Utilities stocks and sector-related exchange have underperformed despite the ongoing coronavirus-induced uncertainty, but this market segment could be a good way for more pessimistic investors to hedge against ongoing risks to this nascent bull run.
Year-to-date, the Utilities Select Sector SPDR (NYSEArca: XLU) dropped 3.1%, Fidelity MSCI Utilities Index ETF (NYSEARCA: FUTY) fell 4.7% and Vanguard Utilities ETF (NYSEARCA: VPU) decreased 4.3%. Meanwhile, the S&P 500 Index is up 5.0% so far this year.
Utilities stocks typically do well during an economic downturn as they meet essential services like electricity, gas, and water no matter what the environment looks like, and the sector churns out steady yields, which are especially attractive after the Federal Reserve cuts interest rates to help lift the economy out of a rut.
However, the current disparity between the utilities performance and the broader market seems to reflect the view that the economy has already rebounded. In comparison, over the last financial downturn, utilities outperformed the S&P 500 through the March 2009 lows and mostly maintained the lead for over a year.

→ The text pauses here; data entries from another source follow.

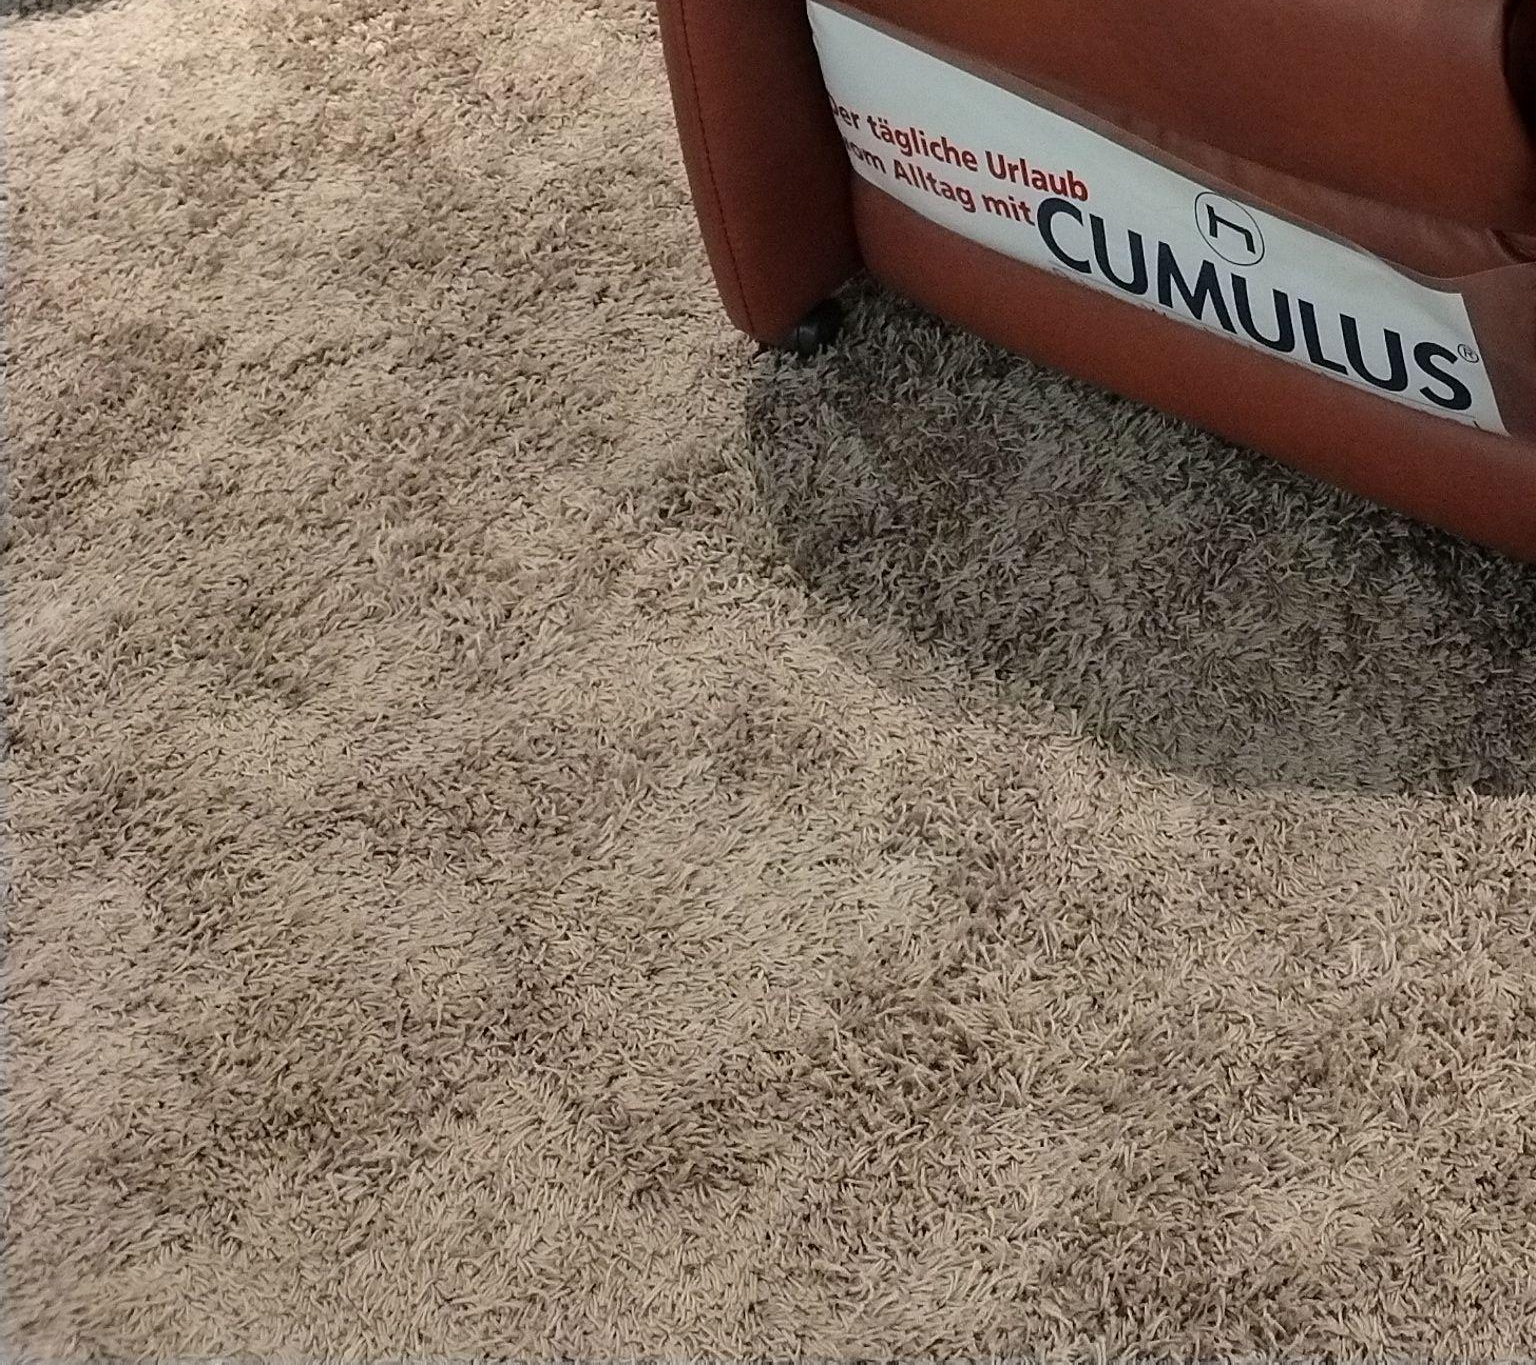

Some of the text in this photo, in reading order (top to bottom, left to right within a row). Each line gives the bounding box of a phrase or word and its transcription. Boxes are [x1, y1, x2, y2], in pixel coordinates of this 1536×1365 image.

[867, 115, 978, 172] tägliche
[985, 150, 1089, 202] Urlaub
[893, 159, 977, 213] Alltag
[981, 193, 1036, 227] mit
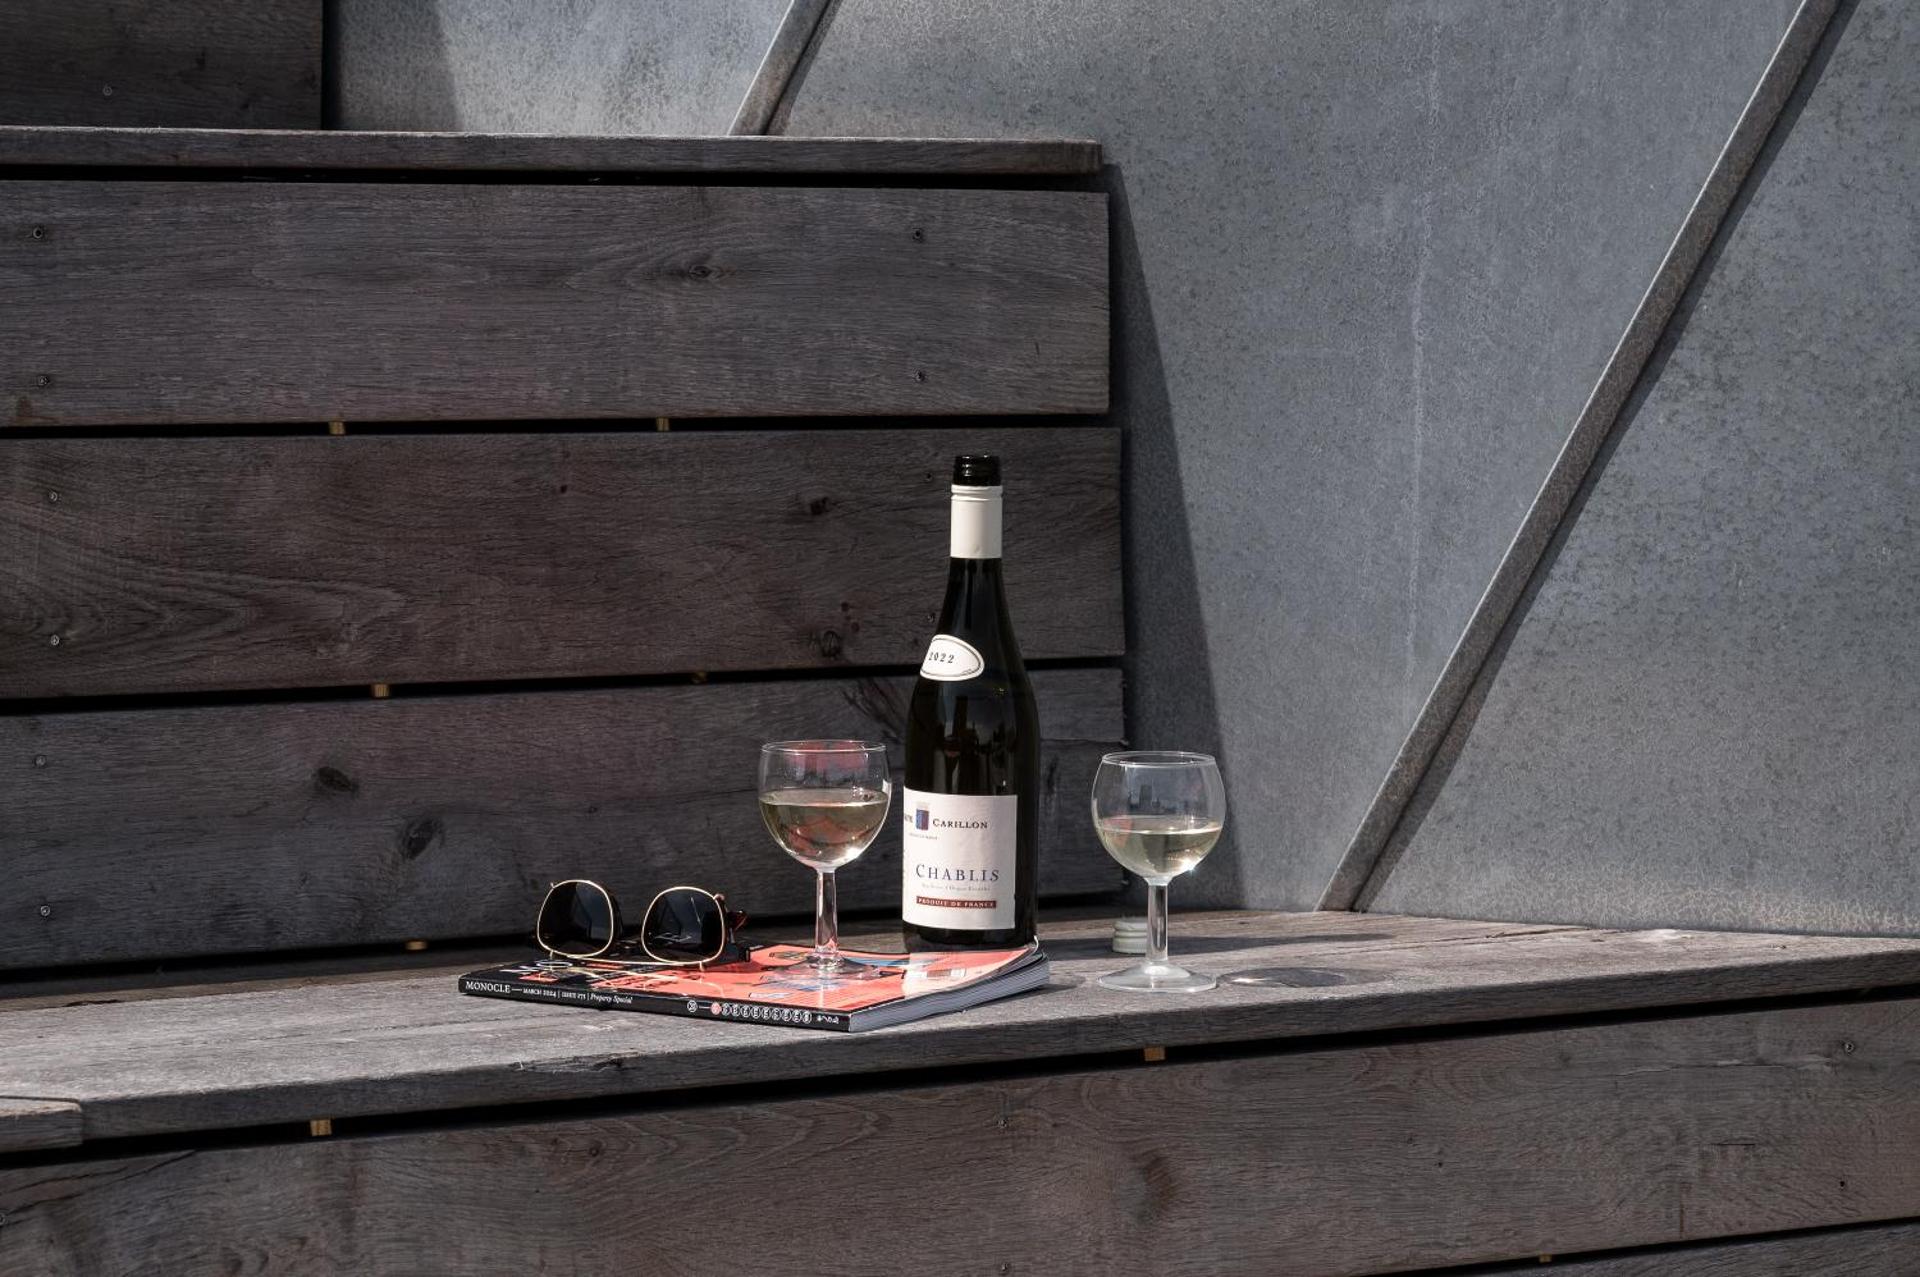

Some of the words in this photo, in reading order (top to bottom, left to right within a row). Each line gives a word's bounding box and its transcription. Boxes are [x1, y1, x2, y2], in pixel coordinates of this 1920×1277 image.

[932, 818, 989, 829] CARILLON
[916, 864, 1000, 881] CHABLIS
[465, 980, 511, 994] MONOCLE
[523, 987, 541, 995] MARCH

“Back in 2007-2009, the business cycle took about 15 months. This time, it’s been condensed to a four-to-five-month period,” Jay Rhame, chief executive officer of Reaves Asset Management, told the Wall Street Journal. The Reaves Utilities ETF (NYSEArca: UTES) is also 3.2% lower year-to-date.

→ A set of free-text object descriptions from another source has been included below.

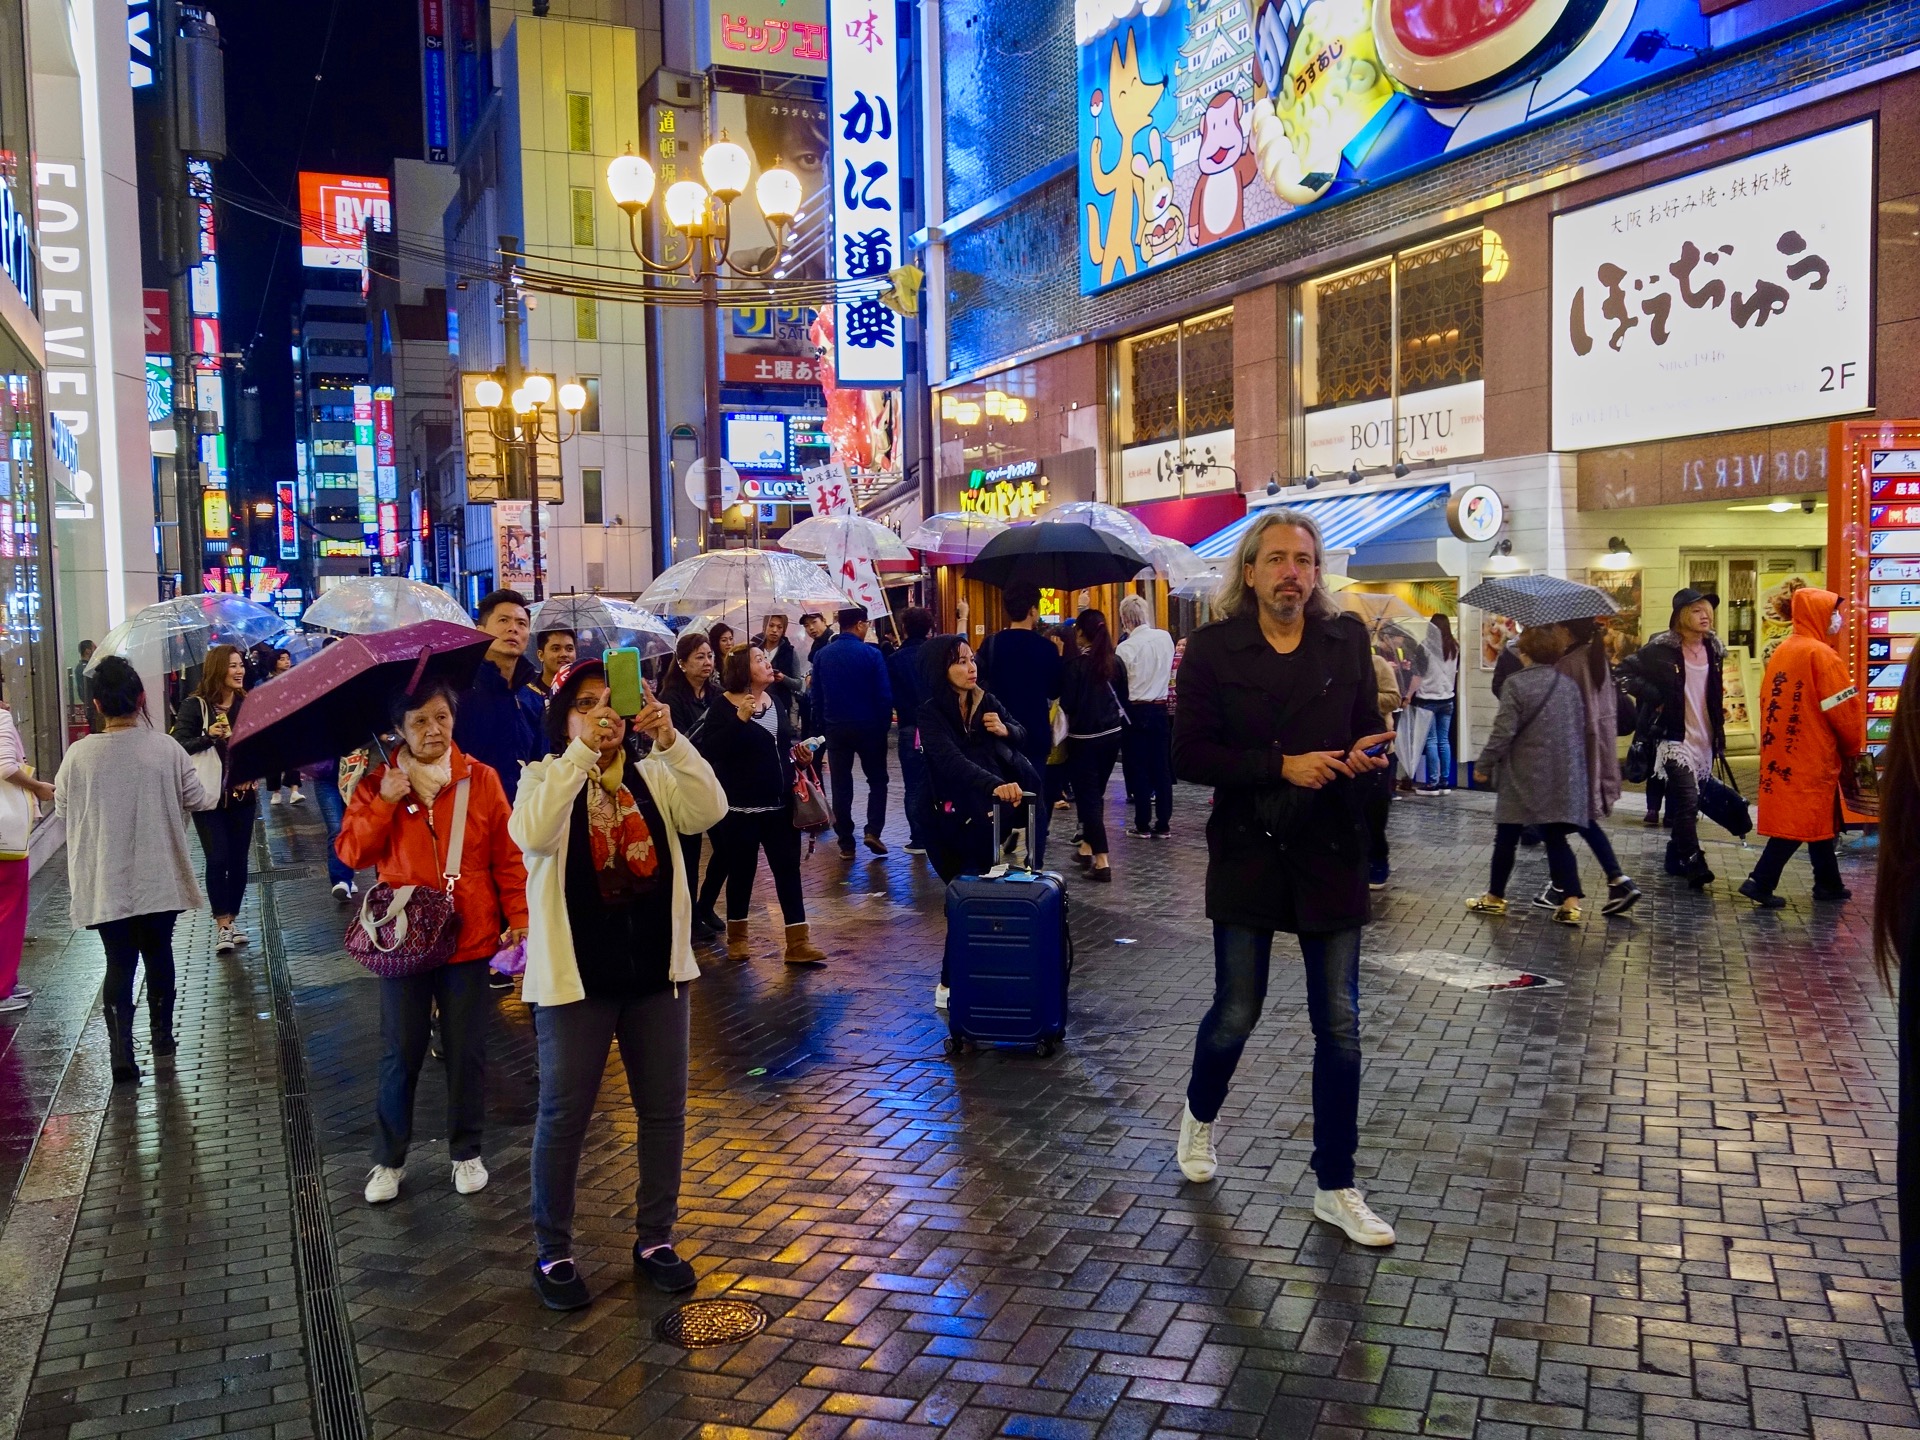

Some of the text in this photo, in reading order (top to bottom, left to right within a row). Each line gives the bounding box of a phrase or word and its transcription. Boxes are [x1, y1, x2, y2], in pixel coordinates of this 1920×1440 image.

[127, 0, 152, 87] VA
[846, 9, 883, 53] 味
[1296, 39, 1343, 94] うすあじ
[658, 110, 679, 288] 道頓堀光ビル
[1611, 209, 1642, 234] 大阪
[1570, 230, 1830, 356] ぼてぢゅう
[1819, 362, 1856, 392] 2F
[1350, 409, 1453, 450] BOTEJYU
[1431, 445, 1447, 455] 1946
[1873, 481, 1888, 492] 8F
[1871, 507, 1884, 517] 7F
[1871, 617, 1887, 629] 3F
[1869, 644, 1888, 657] 3F
[1868, 669, 1880, 677] 2F

Rhame also argued that there is increased concern over inflation this time, which makes utilities a poorer hedge, after the Federal Reserve and the U.S. government pumped out trillions of dollars into the economy.
On the other hand, recent equity and fixed-income moves may leave an opportunity for the utilities segment. Specifically, some market observers argue that the stock market rally appears speculative since the coronavirus and the economic damage has not completely gone away, warning that the current reversal between utilities and the S&P 500 may be premature, especially with banks signaling the worst may yet to come.
Sean Heymann, utilities analyst at RNC Genter Capital Management, also argued that utility dividends offer an attractive alternative for income-seeking investors while bond yields are still hovering around record lows, which has widened the gap between the yield of 10-year U.S. Treasury notes and the dividend yield for the S&P 500 Utilities Index.